+++ Records supplied
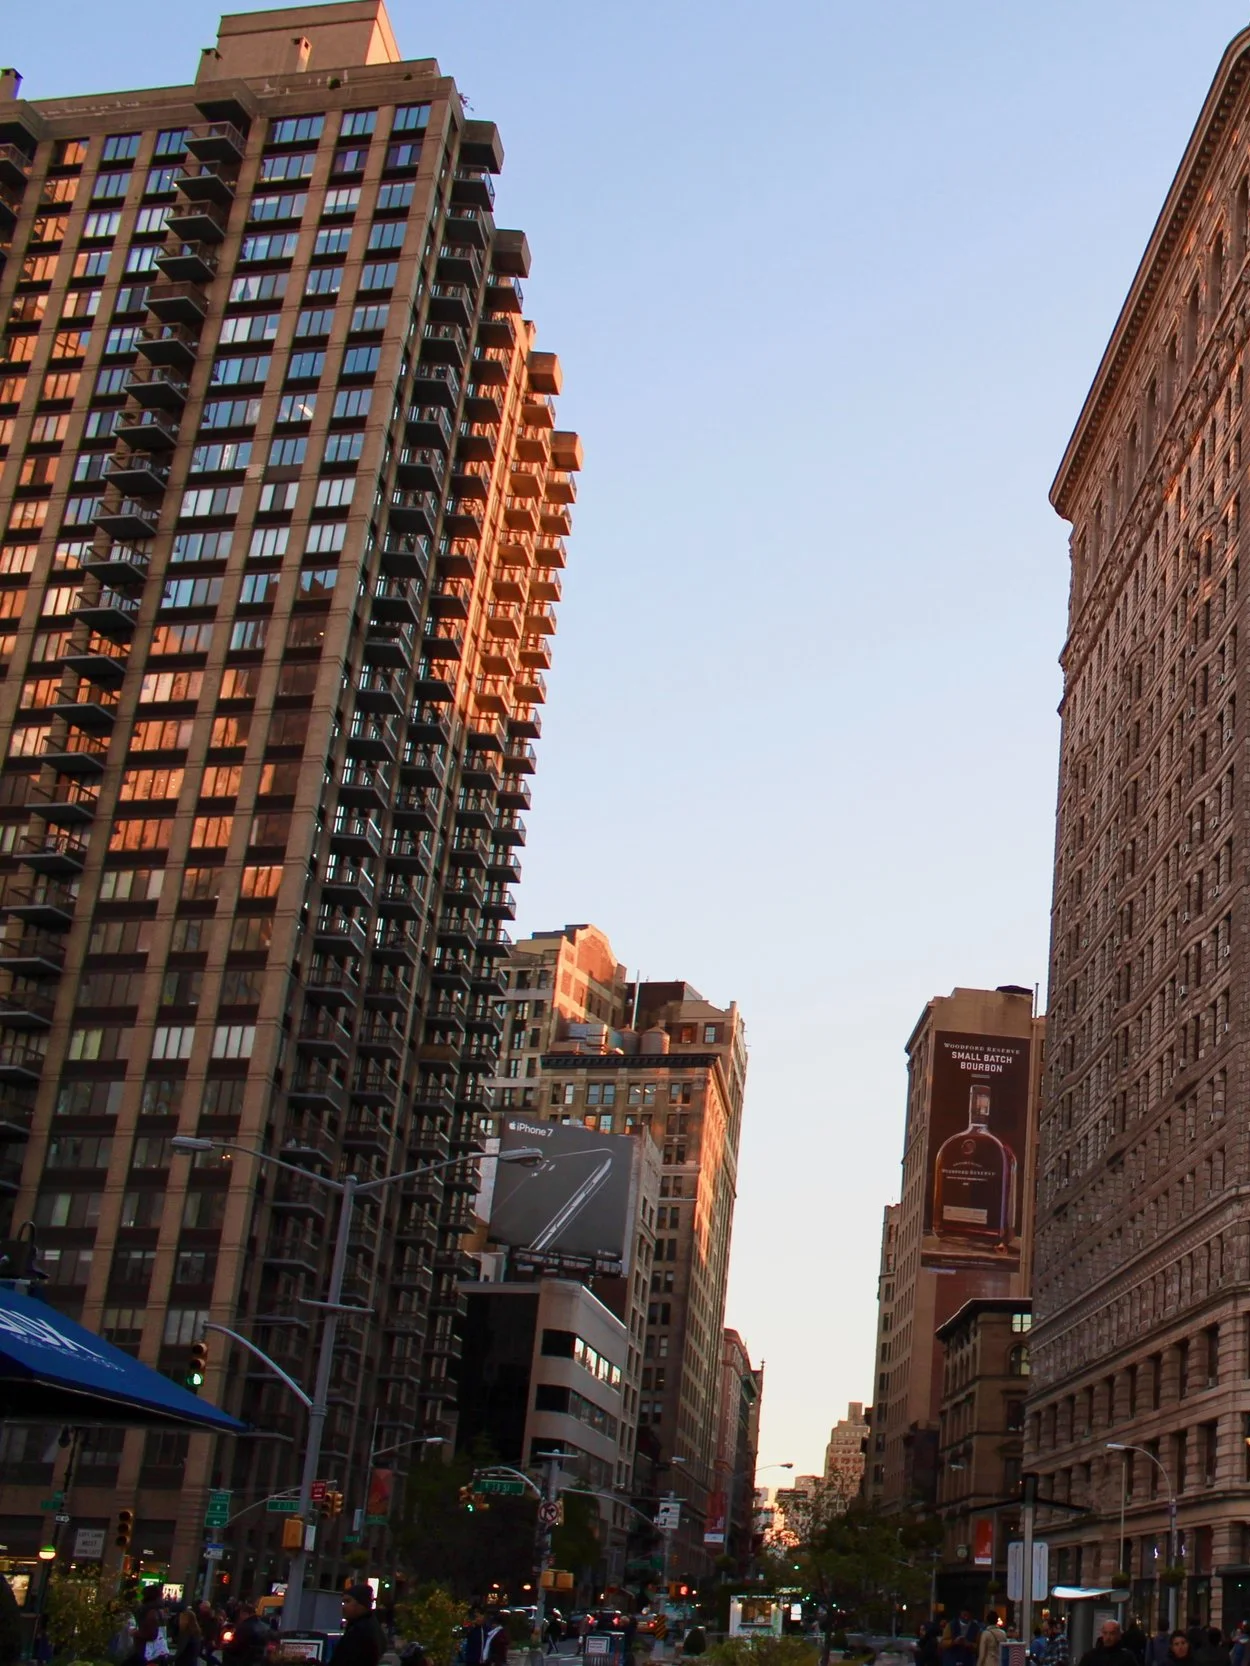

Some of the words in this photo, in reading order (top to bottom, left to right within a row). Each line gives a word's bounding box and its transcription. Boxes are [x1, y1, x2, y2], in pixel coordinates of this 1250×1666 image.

[944, 1042, 984, 1052] WOODFORD
[986, 1046, 1020, 1055] RESERVE
[951, 1051, 981, 1061] SMALL
[983, 1054, 1013, 1064] BATCH
[960, 1061, 1003, 1073] BOURBON
[516, 1122, 547, 1137] iPhone
[547, 1128, 554, 1138] 7
++++++
:: Directions ::
Pictures are to be left out; the rest of the listing should be printed exactly.

:: Response to this exercise ::
Some of the words in this photo, in reading order (top to bottom, left to right within a row). Each line gives a word's bounding box and its transcription. Boxes are [x1, y1, x2, y2], in pixel coordinates of this 1250×1666 image.

[944, 1042, 984, 1052] WOODFORD
[986, 1046, 1020, 1055] RESERVE
[951, 1051, 981, 1061] SMALL
[983, 1054, 1013, 1064] BATCH
[960, 1061, 1003, 1073] BOURBON
[516, 1122, 547, 1137] iPhone
[547, 1128, 554, 1138] 7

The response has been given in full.